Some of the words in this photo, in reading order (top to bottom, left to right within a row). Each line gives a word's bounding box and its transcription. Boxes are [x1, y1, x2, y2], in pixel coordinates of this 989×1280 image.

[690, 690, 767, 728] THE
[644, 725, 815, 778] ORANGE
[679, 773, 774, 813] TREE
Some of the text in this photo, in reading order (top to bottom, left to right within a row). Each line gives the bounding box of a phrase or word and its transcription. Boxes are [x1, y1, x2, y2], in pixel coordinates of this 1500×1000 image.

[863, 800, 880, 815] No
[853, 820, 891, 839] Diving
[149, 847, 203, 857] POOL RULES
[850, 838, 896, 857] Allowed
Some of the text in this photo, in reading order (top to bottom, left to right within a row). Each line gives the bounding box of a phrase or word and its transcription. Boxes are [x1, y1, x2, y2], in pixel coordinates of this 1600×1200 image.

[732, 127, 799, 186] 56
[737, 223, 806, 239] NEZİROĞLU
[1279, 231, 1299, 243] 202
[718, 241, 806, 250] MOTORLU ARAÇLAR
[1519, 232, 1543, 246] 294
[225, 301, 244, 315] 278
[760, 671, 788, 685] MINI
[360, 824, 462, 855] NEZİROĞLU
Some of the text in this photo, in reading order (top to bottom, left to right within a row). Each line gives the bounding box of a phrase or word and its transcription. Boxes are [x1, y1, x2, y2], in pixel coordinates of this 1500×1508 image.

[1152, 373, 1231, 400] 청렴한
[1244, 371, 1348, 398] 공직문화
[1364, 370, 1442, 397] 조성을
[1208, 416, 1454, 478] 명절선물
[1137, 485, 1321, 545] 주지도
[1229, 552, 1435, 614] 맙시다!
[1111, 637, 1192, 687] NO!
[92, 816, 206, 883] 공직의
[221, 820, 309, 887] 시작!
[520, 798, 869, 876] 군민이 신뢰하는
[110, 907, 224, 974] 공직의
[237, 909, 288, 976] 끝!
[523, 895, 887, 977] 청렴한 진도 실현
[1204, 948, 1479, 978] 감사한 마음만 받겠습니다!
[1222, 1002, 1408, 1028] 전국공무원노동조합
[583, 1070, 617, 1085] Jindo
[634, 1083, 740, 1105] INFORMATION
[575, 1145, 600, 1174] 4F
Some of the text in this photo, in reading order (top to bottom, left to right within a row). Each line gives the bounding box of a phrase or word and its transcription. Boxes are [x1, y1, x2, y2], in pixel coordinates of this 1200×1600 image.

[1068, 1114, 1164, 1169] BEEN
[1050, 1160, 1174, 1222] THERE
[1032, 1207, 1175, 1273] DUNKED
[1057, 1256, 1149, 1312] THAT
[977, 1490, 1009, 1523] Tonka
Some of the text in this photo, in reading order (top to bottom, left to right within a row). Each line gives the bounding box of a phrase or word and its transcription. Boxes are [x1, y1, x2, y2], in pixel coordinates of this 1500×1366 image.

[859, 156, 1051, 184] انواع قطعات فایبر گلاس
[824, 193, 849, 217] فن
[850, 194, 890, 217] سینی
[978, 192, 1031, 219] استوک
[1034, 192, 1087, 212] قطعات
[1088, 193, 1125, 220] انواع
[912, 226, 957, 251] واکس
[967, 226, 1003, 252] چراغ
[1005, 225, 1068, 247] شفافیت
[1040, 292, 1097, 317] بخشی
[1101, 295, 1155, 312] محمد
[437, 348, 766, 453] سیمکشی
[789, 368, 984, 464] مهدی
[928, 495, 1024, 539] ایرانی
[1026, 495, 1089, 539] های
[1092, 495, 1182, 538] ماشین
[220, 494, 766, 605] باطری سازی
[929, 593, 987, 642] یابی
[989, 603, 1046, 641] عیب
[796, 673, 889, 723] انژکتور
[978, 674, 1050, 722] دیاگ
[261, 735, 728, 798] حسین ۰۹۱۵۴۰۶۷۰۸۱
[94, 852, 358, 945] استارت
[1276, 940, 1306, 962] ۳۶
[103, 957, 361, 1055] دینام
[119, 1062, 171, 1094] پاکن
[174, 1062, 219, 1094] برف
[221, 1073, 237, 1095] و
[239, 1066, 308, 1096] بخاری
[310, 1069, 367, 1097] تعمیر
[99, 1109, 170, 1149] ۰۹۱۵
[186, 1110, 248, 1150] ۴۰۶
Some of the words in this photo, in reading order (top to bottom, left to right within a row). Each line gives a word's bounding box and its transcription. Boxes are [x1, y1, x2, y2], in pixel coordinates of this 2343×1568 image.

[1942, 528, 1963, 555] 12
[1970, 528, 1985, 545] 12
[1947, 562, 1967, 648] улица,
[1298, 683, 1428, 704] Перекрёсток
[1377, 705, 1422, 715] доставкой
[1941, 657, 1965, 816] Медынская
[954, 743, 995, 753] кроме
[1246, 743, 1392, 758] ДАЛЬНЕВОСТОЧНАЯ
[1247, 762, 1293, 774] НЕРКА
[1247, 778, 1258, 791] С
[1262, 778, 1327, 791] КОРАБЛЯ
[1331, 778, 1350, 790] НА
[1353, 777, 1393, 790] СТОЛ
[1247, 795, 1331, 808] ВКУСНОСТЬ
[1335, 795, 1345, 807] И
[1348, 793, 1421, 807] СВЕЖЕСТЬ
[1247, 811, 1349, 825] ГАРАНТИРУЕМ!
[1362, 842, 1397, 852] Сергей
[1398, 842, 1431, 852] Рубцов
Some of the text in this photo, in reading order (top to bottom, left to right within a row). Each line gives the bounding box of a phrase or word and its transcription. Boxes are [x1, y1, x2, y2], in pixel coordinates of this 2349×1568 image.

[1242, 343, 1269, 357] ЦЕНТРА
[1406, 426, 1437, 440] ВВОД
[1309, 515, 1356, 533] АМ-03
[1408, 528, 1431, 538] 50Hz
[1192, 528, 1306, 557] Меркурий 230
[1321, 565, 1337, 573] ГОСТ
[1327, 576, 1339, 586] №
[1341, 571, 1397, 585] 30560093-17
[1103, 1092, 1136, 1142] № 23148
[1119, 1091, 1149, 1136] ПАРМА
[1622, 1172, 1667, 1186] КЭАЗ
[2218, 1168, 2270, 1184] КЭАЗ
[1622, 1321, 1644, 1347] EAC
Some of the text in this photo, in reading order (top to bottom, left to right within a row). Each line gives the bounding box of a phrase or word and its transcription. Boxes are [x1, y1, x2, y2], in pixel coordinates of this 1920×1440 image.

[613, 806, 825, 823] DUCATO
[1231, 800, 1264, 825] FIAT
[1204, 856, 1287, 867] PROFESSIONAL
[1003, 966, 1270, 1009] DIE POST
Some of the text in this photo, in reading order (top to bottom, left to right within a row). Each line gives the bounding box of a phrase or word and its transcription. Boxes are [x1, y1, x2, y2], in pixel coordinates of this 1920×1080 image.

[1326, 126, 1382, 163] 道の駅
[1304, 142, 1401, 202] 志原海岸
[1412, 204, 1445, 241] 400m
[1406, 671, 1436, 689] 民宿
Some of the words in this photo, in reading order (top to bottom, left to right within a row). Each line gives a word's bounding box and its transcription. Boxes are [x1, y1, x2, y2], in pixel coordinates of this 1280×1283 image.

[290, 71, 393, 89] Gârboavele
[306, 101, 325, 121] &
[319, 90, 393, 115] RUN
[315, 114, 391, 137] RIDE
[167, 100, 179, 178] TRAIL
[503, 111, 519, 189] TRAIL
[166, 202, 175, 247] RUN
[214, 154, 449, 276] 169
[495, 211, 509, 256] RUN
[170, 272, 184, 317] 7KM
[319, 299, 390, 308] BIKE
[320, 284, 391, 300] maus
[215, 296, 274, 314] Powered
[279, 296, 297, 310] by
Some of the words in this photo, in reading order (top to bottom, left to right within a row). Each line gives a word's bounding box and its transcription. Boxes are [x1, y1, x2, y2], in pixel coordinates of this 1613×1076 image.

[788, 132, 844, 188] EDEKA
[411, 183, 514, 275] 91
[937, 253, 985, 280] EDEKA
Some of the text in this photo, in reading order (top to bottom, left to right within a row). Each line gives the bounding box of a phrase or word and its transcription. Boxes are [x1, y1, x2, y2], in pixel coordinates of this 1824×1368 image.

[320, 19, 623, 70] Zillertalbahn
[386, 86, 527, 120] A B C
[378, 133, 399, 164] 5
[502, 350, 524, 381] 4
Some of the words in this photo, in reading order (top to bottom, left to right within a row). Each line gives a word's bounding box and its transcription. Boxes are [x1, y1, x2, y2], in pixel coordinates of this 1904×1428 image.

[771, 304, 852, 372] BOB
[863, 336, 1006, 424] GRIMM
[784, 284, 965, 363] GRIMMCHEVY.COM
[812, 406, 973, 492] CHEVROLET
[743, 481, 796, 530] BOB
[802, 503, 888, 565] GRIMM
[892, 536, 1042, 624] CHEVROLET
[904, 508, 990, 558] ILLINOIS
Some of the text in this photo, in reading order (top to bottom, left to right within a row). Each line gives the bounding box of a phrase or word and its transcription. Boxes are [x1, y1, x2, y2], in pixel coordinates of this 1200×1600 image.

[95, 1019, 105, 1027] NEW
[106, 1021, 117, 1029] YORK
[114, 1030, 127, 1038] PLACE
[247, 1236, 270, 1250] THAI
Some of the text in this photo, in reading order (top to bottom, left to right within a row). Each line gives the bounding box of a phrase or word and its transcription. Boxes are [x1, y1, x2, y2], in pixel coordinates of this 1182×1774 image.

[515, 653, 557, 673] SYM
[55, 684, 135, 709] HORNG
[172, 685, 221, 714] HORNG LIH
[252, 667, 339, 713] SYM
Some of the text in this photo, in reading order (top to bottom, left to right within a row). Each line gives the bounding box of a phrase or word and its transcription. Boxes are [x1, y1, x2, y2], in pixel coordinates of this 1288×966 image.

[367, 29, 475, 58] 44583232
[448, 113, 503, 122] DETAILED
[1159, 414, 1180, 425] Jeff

******************************

▶ PROBLEM STATEMENT: Please restate, exactly as written, the line that holds "this 1288×966 image." and all remaining lines of the data above, and only those.

▶ COMPLETED EXERCISE:
Some of the text in this photo, in reading order (top to bottom, left to right within a row). Each line gives the bounding box of a phrase or word and its transcription. Boxes are [x1, y1, x2, y2], in pixel coordinates of this 1288×966 image.

[367, 29, 475, 58] 44583232
[448, 113, 503, 122] DETAILED
[1159, 414, 1180, 425] Jeff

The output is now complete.